Initially, we identified potential members of the two networks by analyzing the management plans of the two protected areas. Then, between April and June 2016 we surveyed the representatives of 60 organizations from Iron Gates Natural Park and 65 organizations from Lower Siret Floodplain. The survey gathered data on the collaborative relationships established during the management activities. We found that the Iron Gates Natural Park and Lower Siret Floodplain management networks include 99 and 120 organizations, respectively. The difference between the number of actors is mostly because Iron Gates Natural Park is located in two counties (Mehedinti and Caras-Severin), while Lower Siret Floodplain in three counties (Vrancea, Galati, and Braila) [25].

Secondly, we encoded each organization and created, for both sites, adjacency matrices of the directed graphs, with actors and connections between them. We used UCINET 6.620 [18] for all network analyses. Given the fact that the two protected areas are coordinated by distinct types of organizations, we further extracted the ego-networks for the public body Iron Gates Natural Park Administration, hereinafter IGNPA (case study 1—Fig. 2) and for non-governmental organization—Association for Biodiversity Conservation, hereinafter ACDB (case study 2—Fig. 3).
Fig. 2

Case study 1—Iron Gates Natural Park management network (blue circle—ego Iron Gates Natural Park Administration, dark blue circles—alters, grey circles—organizations directly linked with the ego, and grey arrows—connections between actors)

Fig. 3

Case study 2—Lower Siret Floodplain Natura 2000 site management network (blue circle—ego Association for Biodiversity Conservation, dark blue circles—alters, grey circles—organizations not directly linked with the ego, and grey arrows—connections between actors)

We considered ego-nets as appropriate for our analyses because of their constrained and simpler structure [16]. To reduce the size of the networks, and better identify the potential differences between the two case studies, we further analyzed the structures created around the egos.

Conclusively, our study brings into discussion and analyzes the ego-networks composed of the most important players in the protected areas management.
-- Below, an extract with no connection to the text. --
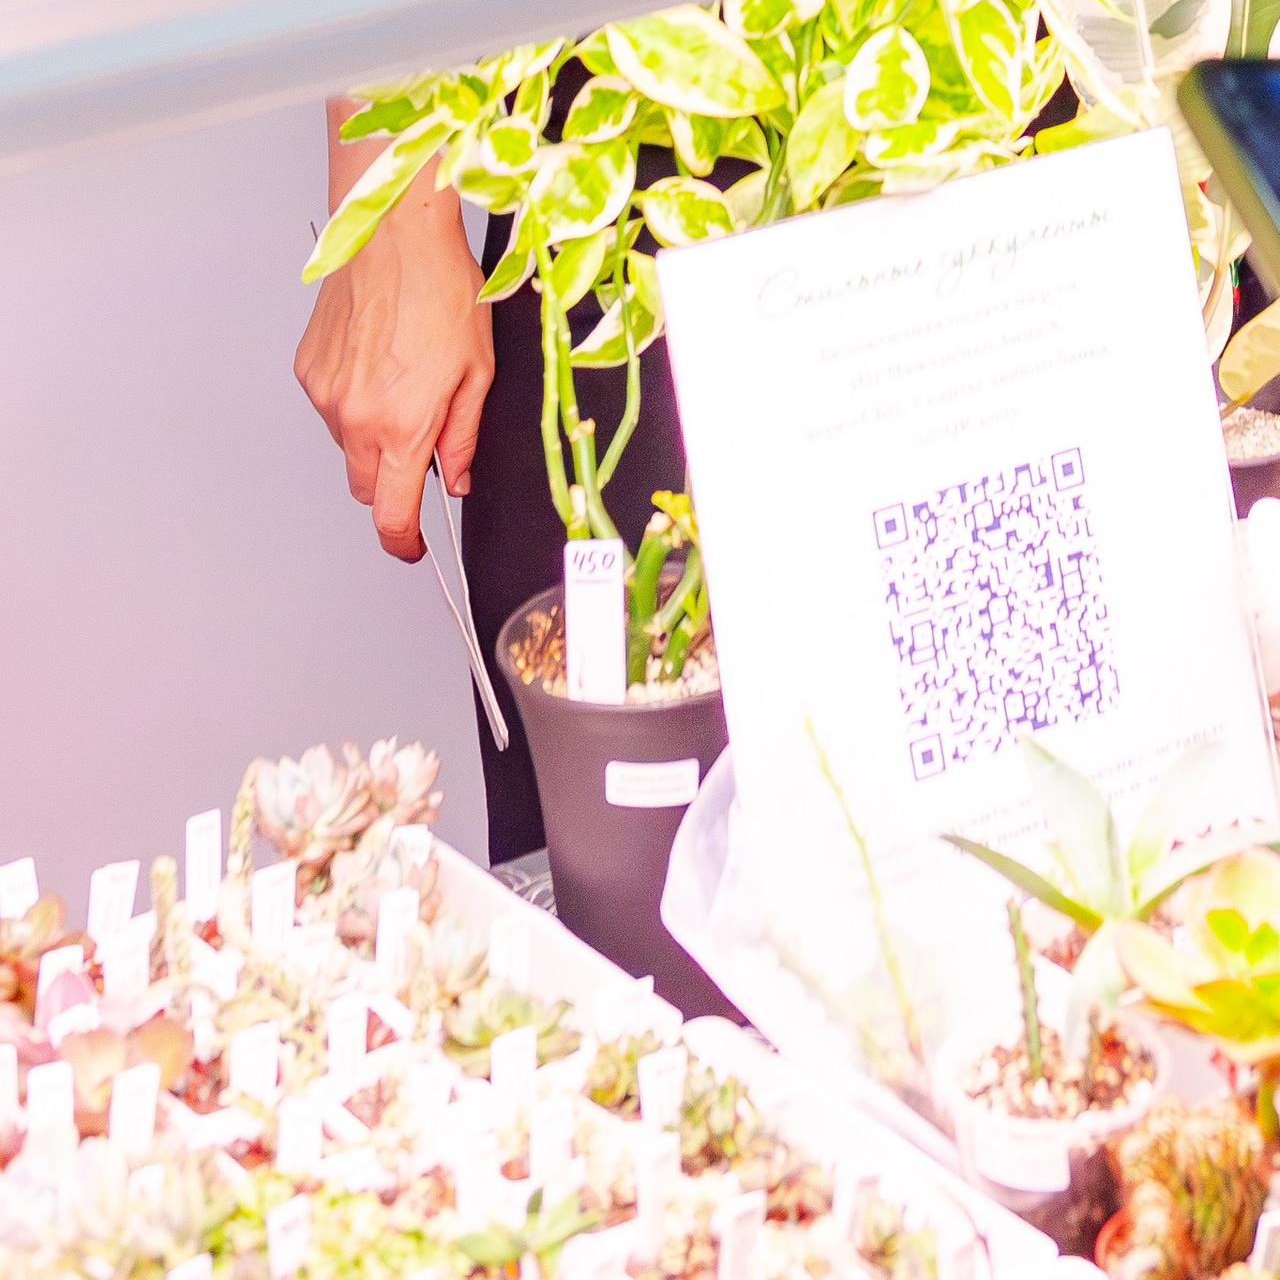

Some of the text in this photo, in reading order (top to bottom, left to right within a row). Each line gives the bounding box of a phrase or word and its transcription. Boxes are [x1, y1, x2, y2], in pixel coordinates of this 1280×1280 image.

[756, 210, 1113, 318] Стильные суккуленты
[573, 551, 616, 574] 450
3 Concepts and Methodology

We analyzed the two case studies by:
  1. 1.

    Comparing the ego-networks structural metrics lead by different types of organization (i.e., NGO versus public body);

  2. 2.
    Correlating the indegree and betweenness values of the networks in three case scenarios:
    1. (a)

      before extracting the ego-networks;

    2. (b)

      after extracting the ego-networks of the main management organizations;

    3. (c)

      after removing the ego from both networks.

  3. 3.

    Analyzing the consequences after removing the ego by applying the Simmelian ties algorithm and Girvan–Newman clustering.

By using UCINET software [18], we calculated for both case studies the main important properties of the ego-network. Hence, we determined the cohesiveness of cooperation among the network management actors. Table 1 summarizes the description of analyzed ego-metrics [34].
Table 1

Interpretation of analyzed ego-networks metrics


Interpretation in our analysis

Network size

Number of management actors directly connected with the protected area administration organization [29]

Number of ties

Number of links among all management actors in the ego-network [30]

Network density

Number of connections divided by the number of pairs, namely, the percentage of all possible links in each ego-network [31]

Weak components

A weak component is the largest number of management actors that are connected, disregarding the direction of the link [32]
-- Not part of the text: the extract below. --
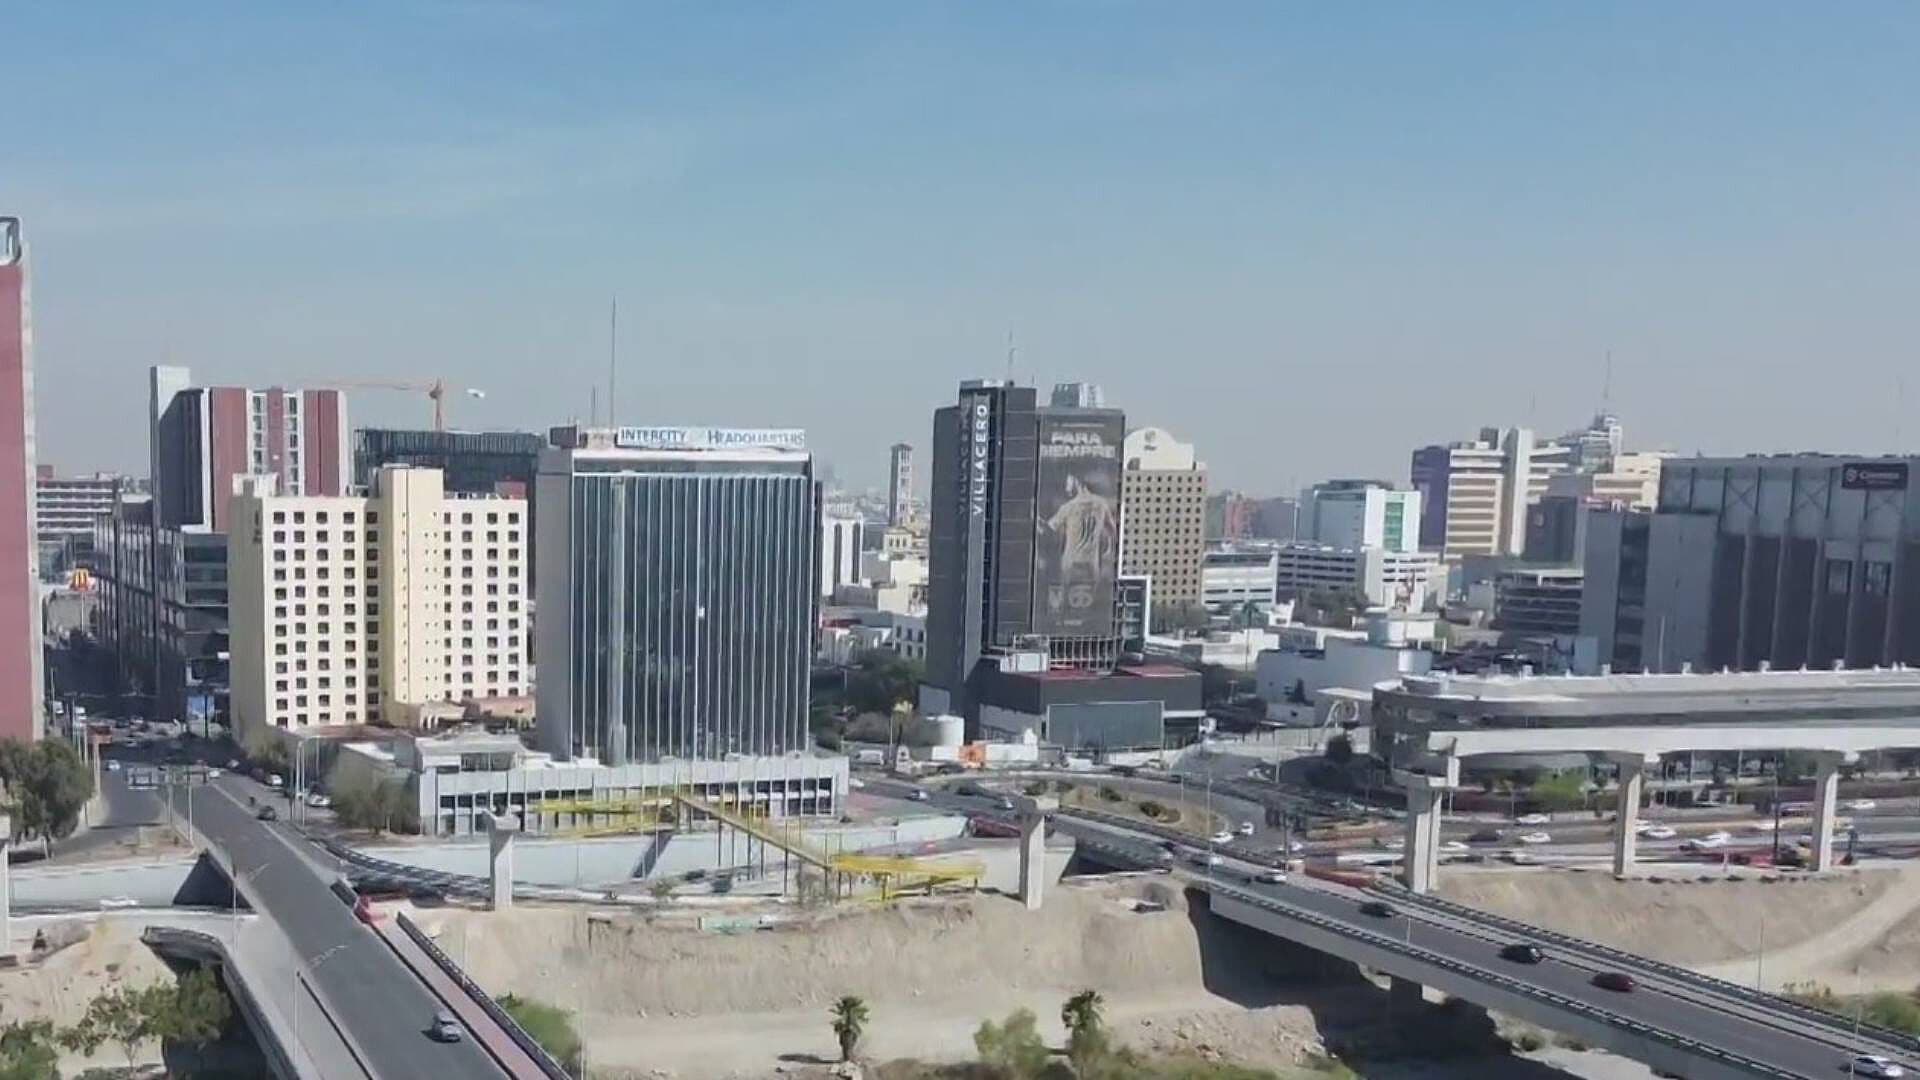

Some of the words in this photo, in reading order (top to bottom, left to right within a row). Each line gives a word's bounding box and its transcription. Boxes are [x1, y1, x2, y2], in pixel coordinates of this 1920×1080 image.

[621, 429, 687, 442] INTERCITY
[708, 429, 805, 445] HEADQUARTERS
[1051, 431, 1103, 444] PARA
[973, 404, 988, 516] VILLACERO
The percentage of all geodesic paths from neighbor to neighbor that pass through the protected area administration organization [33]

Normalized EgoBetweenness

Compares the actual betweenness of the protected area administration organization to the maximum possible betweenness in neighborhood of the size and connectivity of ego’s. The maximum value for betweenness would be achieved where ego is the center of a “star” network, that is, no neighbors communicate directly with one another, and all directed communications between pairs of neighbors go through ego [16]
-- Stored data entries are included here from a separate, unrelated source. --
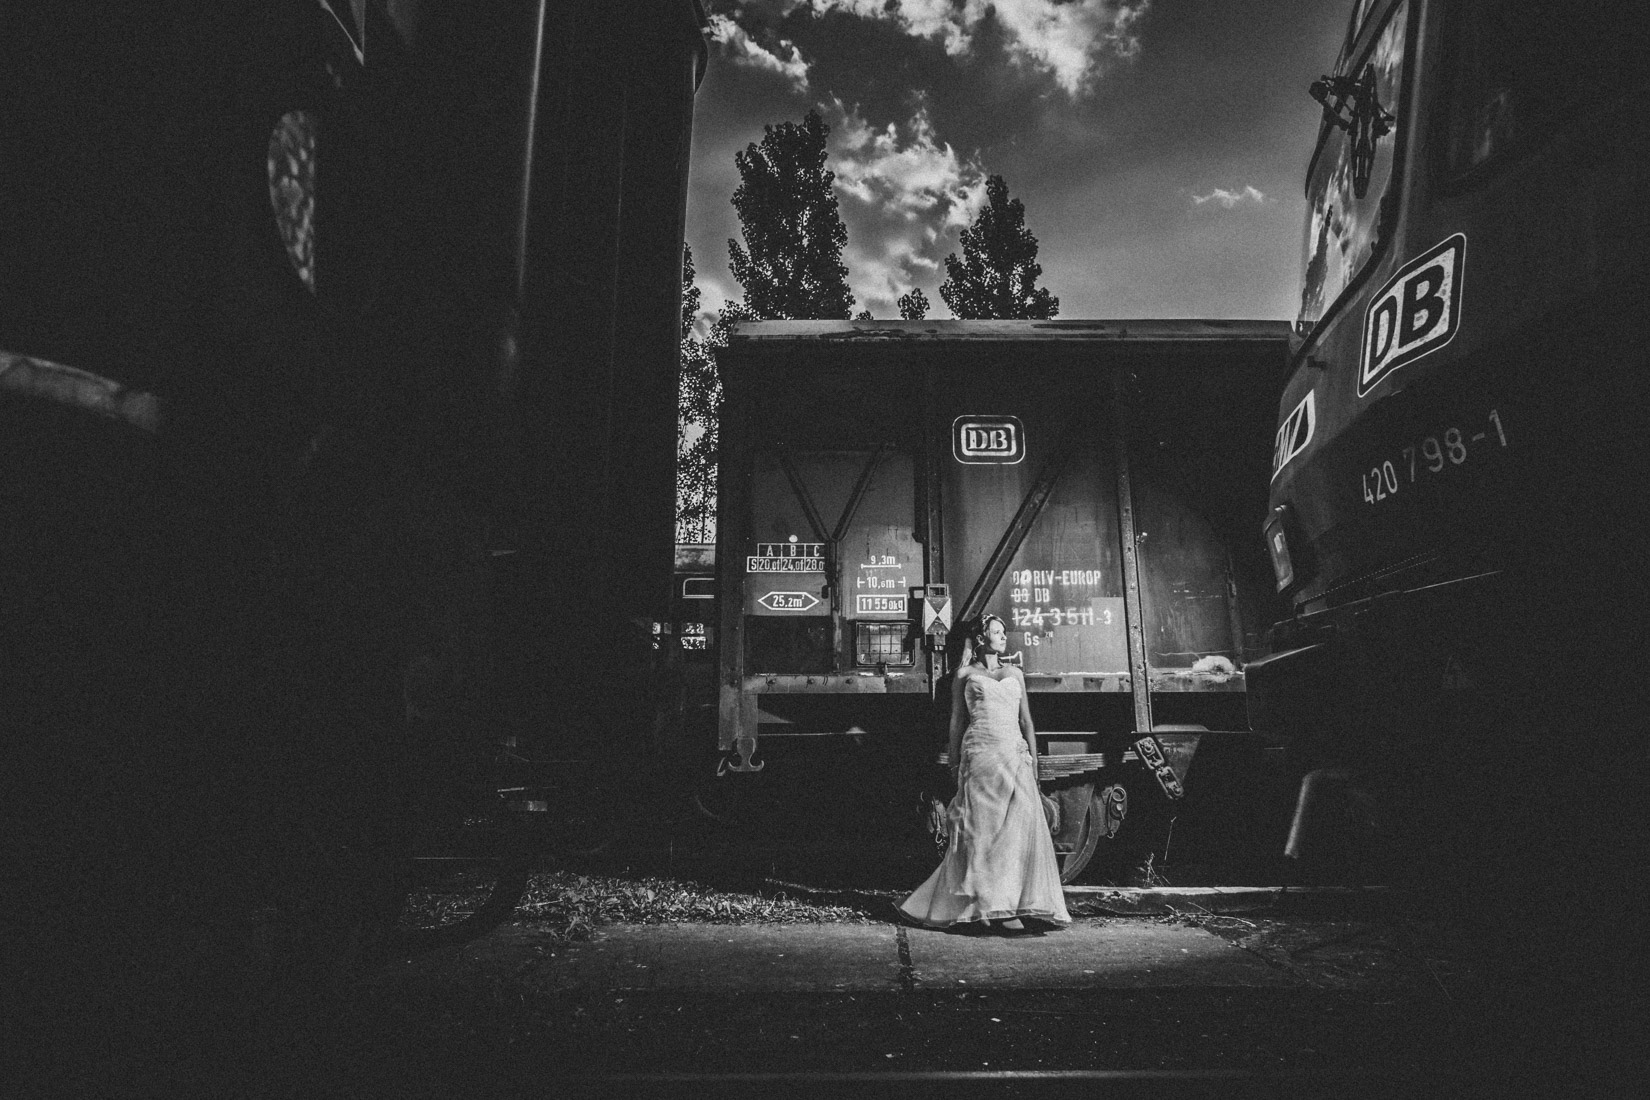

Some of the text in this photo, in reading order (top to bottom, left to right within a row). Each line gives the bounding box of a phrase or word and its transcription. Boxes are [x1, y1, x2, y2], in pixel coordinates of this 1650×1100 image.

[1366, 263, 1447, 380] DB
[967, 429, 1008, 450] DB
[1362, 408, 1507, 504] 420 798-1
[766, 545, 820, 557] A B C
[750, 558, 757, 570] S
[1033, 570, 1101, 586] RIV-EUROP
[1034, 588, 1050, 603] DB
[1024, 631, 1040, 646] Gs
The follow-up analysis considers the interpretation of betweenness and indegree values for management actors in the two case studies. Betweenness centrality represents the number of shortest paths that pass through a node, and thus, can be a measure of centrality of an organization, and the indegree represents the number of receiving ties, and can be interpreted as a measure of popularity of an organization [10]. We correlated the indegree and betweenness values and drew conclusions on the properties of each case study, in three distinct forms:
  • the complete management network;

  • the ego-network of the main administrative management organization;

  • the remaining management actors after removing the ego.

We carried out this three-step analysis to demonstrate how actors migrate and establish a distinct position within the network when changing the size of the network by removing the egos.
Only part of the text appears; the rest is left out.